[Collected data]
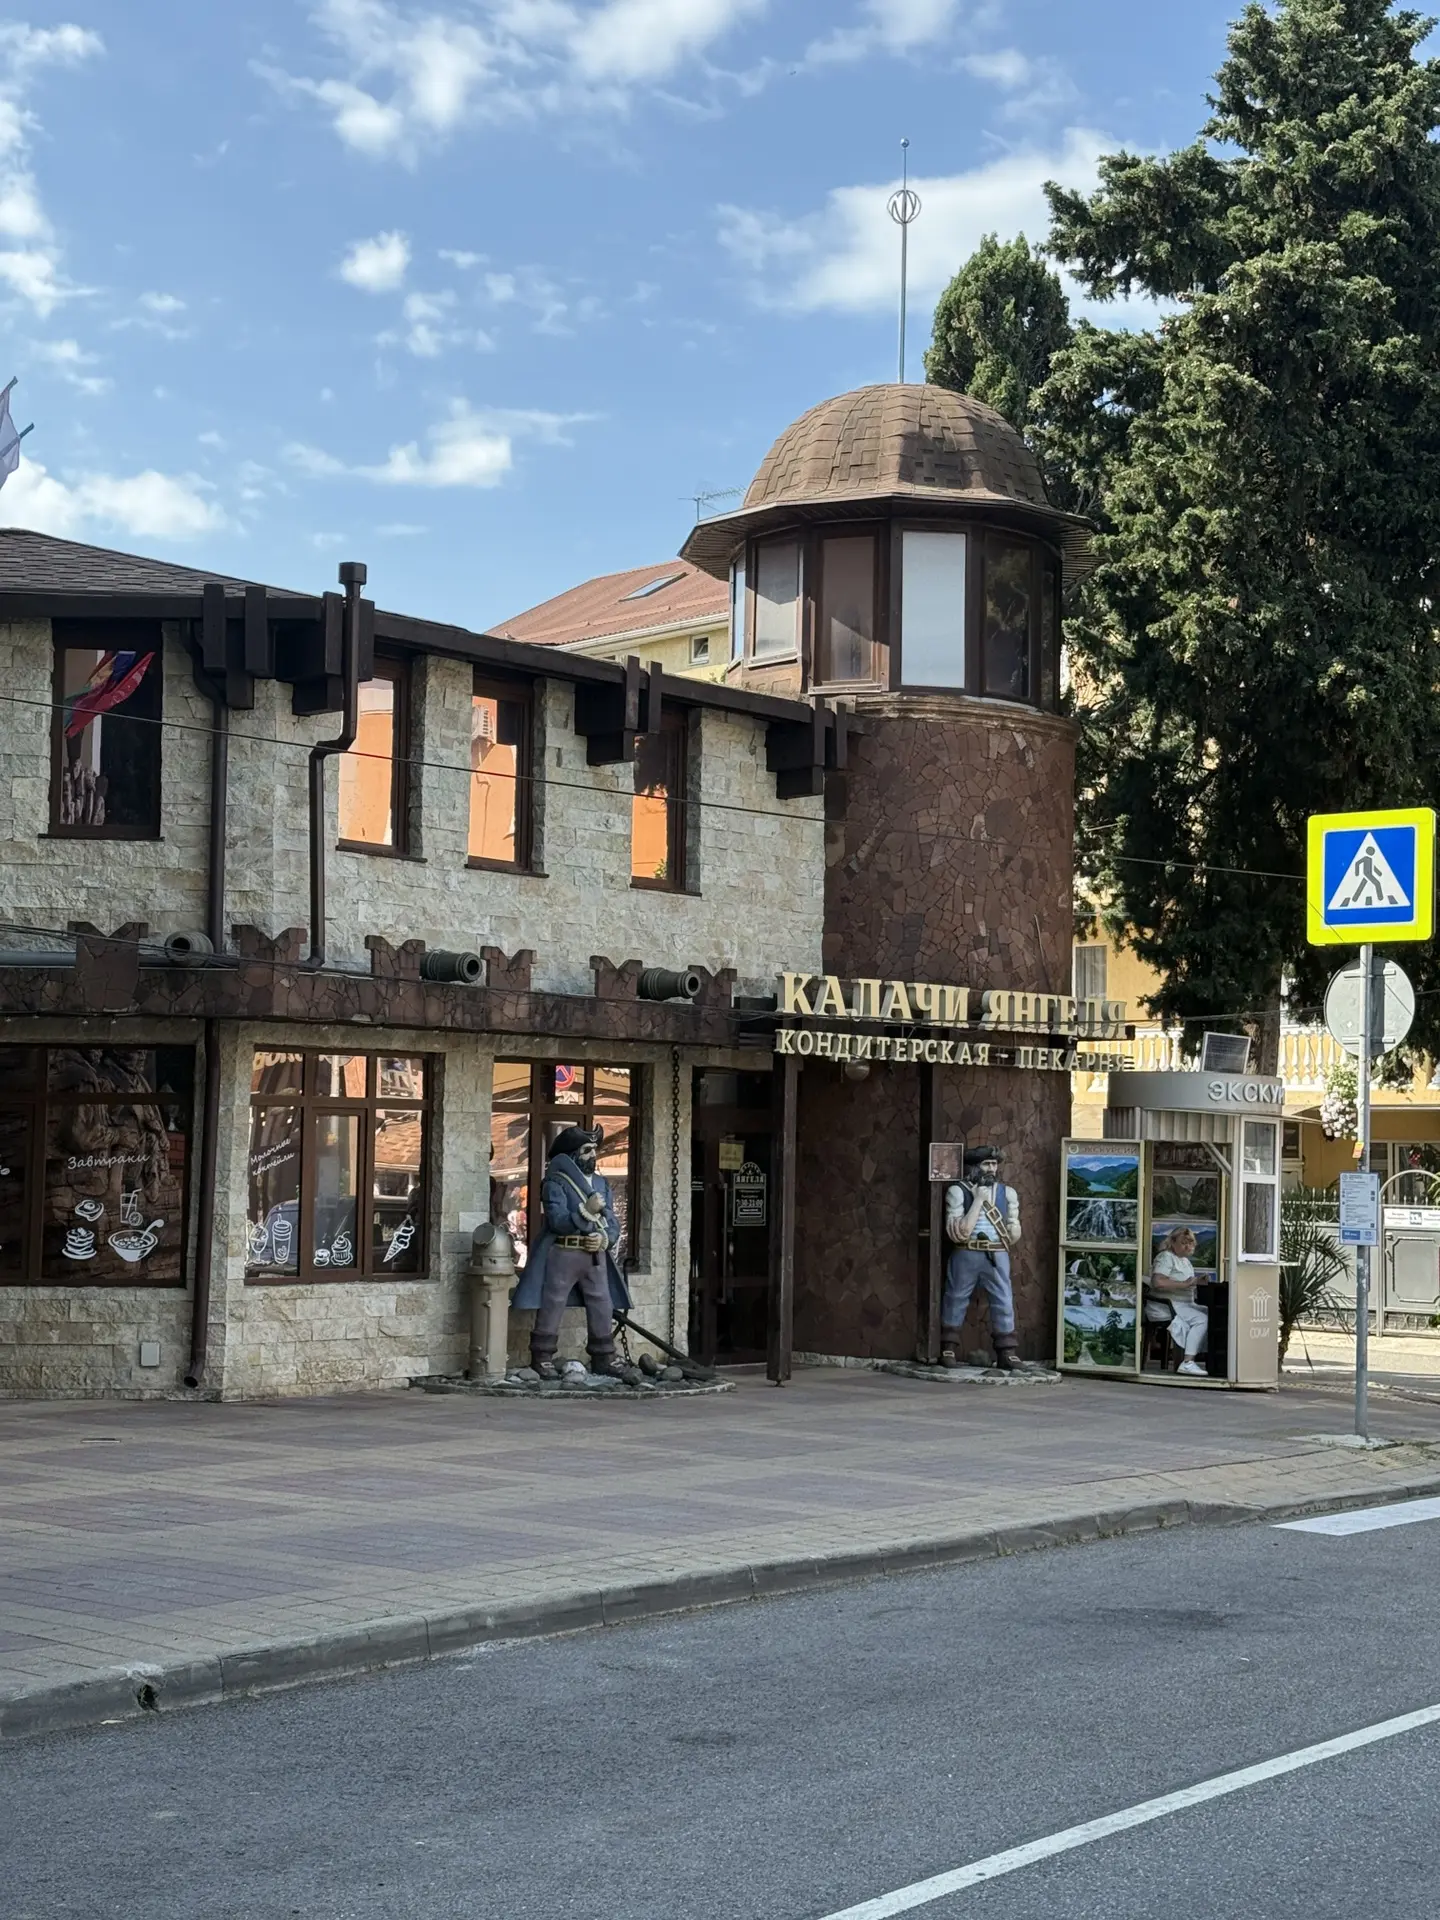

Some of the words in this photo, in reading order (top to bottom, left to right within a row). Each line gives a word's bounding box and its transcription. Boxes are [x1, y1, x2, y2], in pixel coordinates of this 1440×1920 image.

[776, 971, 970, 1028] КАЛАЧИ
[980, 989, 1128, 1039] ЯНГЕЛЯ
[775, 1028, 990, 1067] КОНДИТЕРСКАЯ
[1015, 1046, 1126, 1072] ПЕКАРНЯ
[67, 1154, 151, 1170] Завтраки

- Task instructions: Without the pictures, return the whole of the data exactly as given.

- Written answer:
Some of the words in this photo, in reading order (top to bottom, left to right within a row). Each line gives a word's bounding box and its transcription. Boxes are [x1, y1, x2, y2], in pixel coordinates of this 1440×1920 image.

[776, 971, 970, 1028] КАЛАЧИ
[980, 989, 1128, 1039] ЯНГЕЛЯ
[775, 1028, 990, 1067] КОНДИТЕРСКАЯ
[1015, 1046, 1126, 1072] ПЕКАРНЯ
[67, 1154, 151, 1170] Завтраки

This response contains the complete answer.